When a record holds a picture, leave the picture out and copy everything else exactly.
DATA UNDER STUDY Block Start
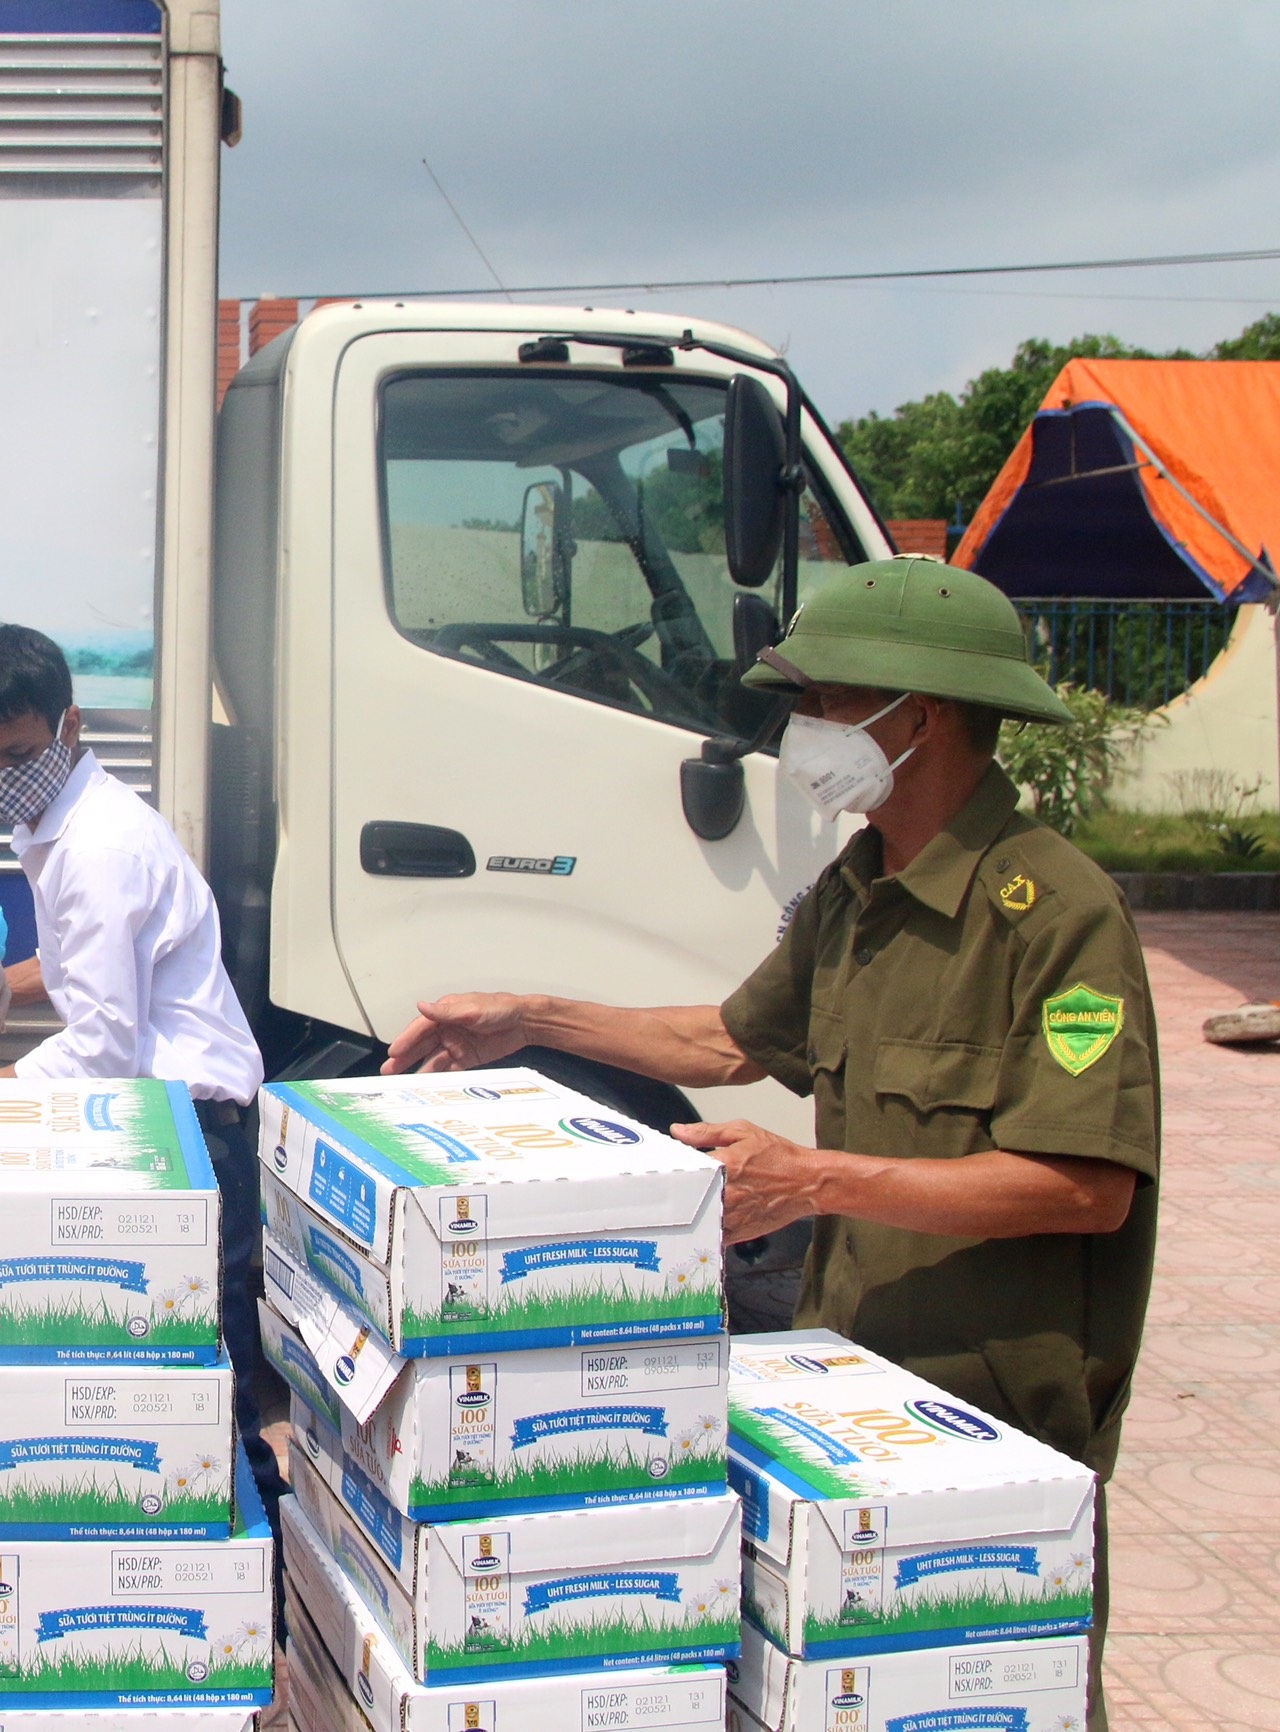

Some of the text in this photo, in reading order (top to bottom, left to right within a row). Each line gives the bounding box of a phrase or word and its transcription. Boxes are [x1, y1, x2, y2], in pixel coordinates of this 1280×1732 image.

[1049, 1008, 1115, 1022] CÔNG AN VIÊN
[576, 1119, 635, 1144] VINAMILK
[58, 1207, 103, 1221] HSD/EXP:
[118, 1214, 195, 1224] 021121 T31
[58, 1226, 104, 1240] NSX/PRD:
[118, 1224, 190, 1234] 020521 18
[524, 1247, 638, 1265] UHT FRESH MILK LESS SUGAR
[15, 1264, 36, 1275] TƯƠI
[38, 1263, 55, 1275] TIỆT
[57, 1262, 86, 1274] TRÙNG
[87, 1264, 95, 1274] ÍT
[97, 1265, 129, 1278] ĐƯỜNG
[581, 1330, 592, 1338] Net
[593, 1329, 618, 1337] content:
[619, 1327, 632, 1335] 8.64
[633, 1325, 648, 1334] litres
[650, 1325, 659, 1333] (48
[660, 1323, 676, 1333] packs
[694, 1320, 704, 1329] ml)
[587, 1356, 628, 1372] HSD/EXP:
[644, 1352, 714, 1366] 091121 T32
[644, 1362, 707, 1375] 090521 01
[588, 1374, 628, 1390] NSX/PRD:
[920, 1401, 995, 1440] VINAMILK
[784, 1401, 903, 1462] SỮA TƯƠI
[850, 1532, 879, 1541] VINAMILK
[118, 1558, 162, 1571] HSD/EXP:
[175, 1562, 250, 1572] 021121 T31
[471, 1557, 500, 1568] VINAMILK
[917, 1553, 1020, 1571] UHT FRESH MILK LESS SUGAR
[118, 1576, 163, 1589] NSX/PRD:
[174, 1572, 246, 1582] 020521 18
[59, 1611, 187, 1626] SỮA TƯƠI TIỆT TRÙNG ÍT ĐƯỜNG
[955, 1660, 992, 1675] HSD/EXP:
[1004, 1660, 1067, 1673] 021121 T31
[1004, 1669, 1063, 1682] 020521 18
[955, 1677, 993, 1693] NSX/PRD:
[832, 1694, 863, 1705] VINAMILK
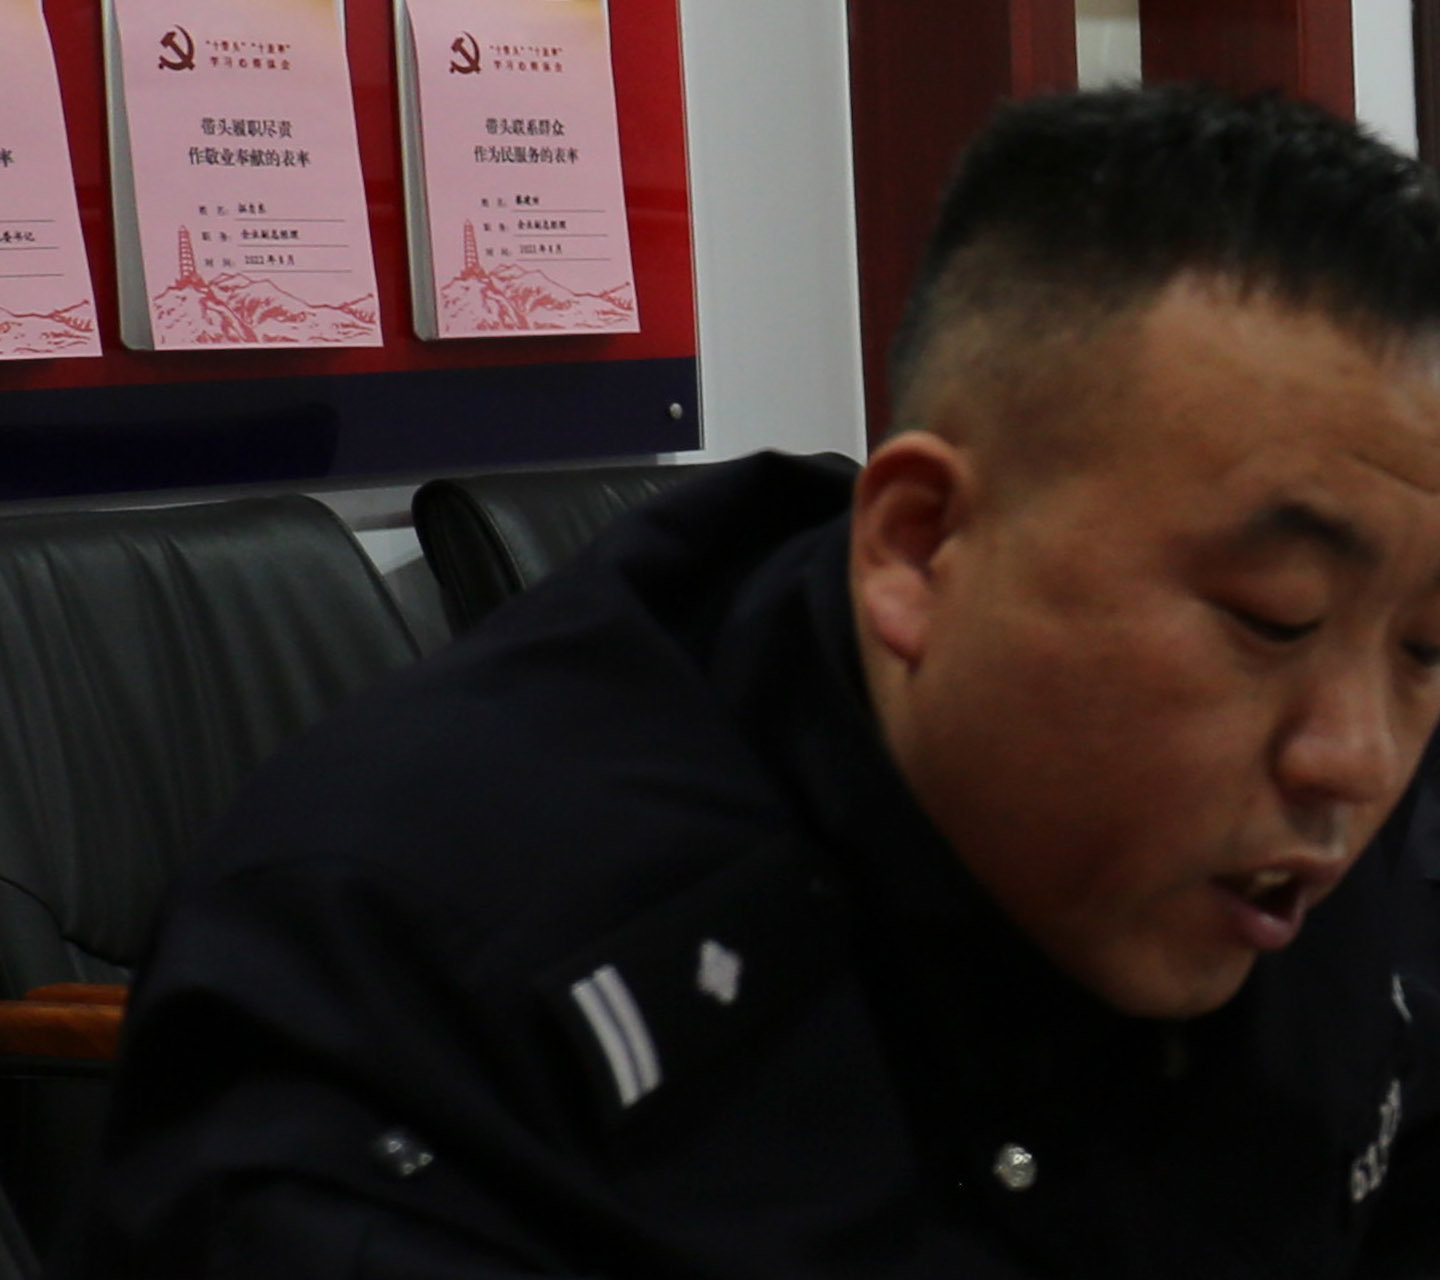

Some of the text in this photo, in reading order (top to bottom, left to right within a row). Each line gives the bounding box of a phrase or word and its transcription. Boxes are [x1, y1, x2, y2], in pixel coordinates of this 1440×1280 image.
DATA UNDER STUDY Block End
_ANSWER TO THIS PROBLEM_.
Some of the text in this photo, in reading order (top to bottom, left to right within a row). Each line gives the bounding box of a phrase or word and its transcription. Boxes are [x1, y1, x2, y2], in pixel coordinates of this 1280×1732 image.

[1049, 1008, 1115, 1022] CÔNG AN VIÊN
[576, 1119, 635, 1144] VINAMILK
[58, 1207, 103, 1221] HSD/EXP:
[118, 1214, 195, 1224] 021121 T31
[58, 1226, 104, 1240] NSX/PRD:
[118, 1224, 190, 1234] 020521 18
[524, 1247, 638, 1265] UHT FRESH MILK LESS SUGAR
[15, 1264, 36, 1275] TƯƠI
[38, 1263, 55, 1275] TIỆT
[57, 1262, 86, 1274] TRÙNG
[87, 1264, 95, 1274] ÍT
[97, 1265, 129, 1278] ĐƯỜNG
[581, 1330, 592, 1338] Net
[593, 1329, 618, 1337] content:
[619, 1327, 632, 1335] 8.64
[633, 1325, 648, 1334] litres
[650, 1325, 659, 1333] (48
[660, 1323, 676, 1333] packs
[694, 1320, 704, 1329] ml)
[587, 1356, 628, 1372] HSD/EXP:
[644, 1352, 714, 1366] 091121 T32
[644, 1362, 707, 1375] 090521 01
[588, 1374, 628, 1390] NSX/PRD:
[920, 1401, 995, 1440] VINAMILK
[784, 1401, 903, 1462] SỮA TƯƠI
[850, 1532, 879, 1541] VINAMILK
[118, 1558, 162, 1571] HSD/EXP:
[175, 1562, 250, 1572] 021121 T31
[471, 1557, 500, 1568] VINAMILK
[917, 1553, 1020, 1571] UHT FRESH MILK LESS SUGAR
[118, 1576, 163, 1589] NSX/PRD:
[174, 1572, 246, 1582] 020521 18
[59, 1611, 187, 1626] SỮA TƯƠI TIỆT TRÙNG ÍT ĐƯỜNG
[955, 1660, 992, 1675] HSD/EXP:
[1004, 1660, 1067, 1673] 021121 T31
[1004, 1669, 1063, 1682] 020521 18
[955, 1677, 993, 1693] NSX/PRD:
[832, 1694, 863, 1705] VINAMILK

Some of the text in this photo, in reading order (top to bottom, left to right within a row). Each line gives the bounding box of a phrase or word and its transcription. Boxes are [x1, y1, x2, y2], in pixel coordinates of this 1440×1280 image.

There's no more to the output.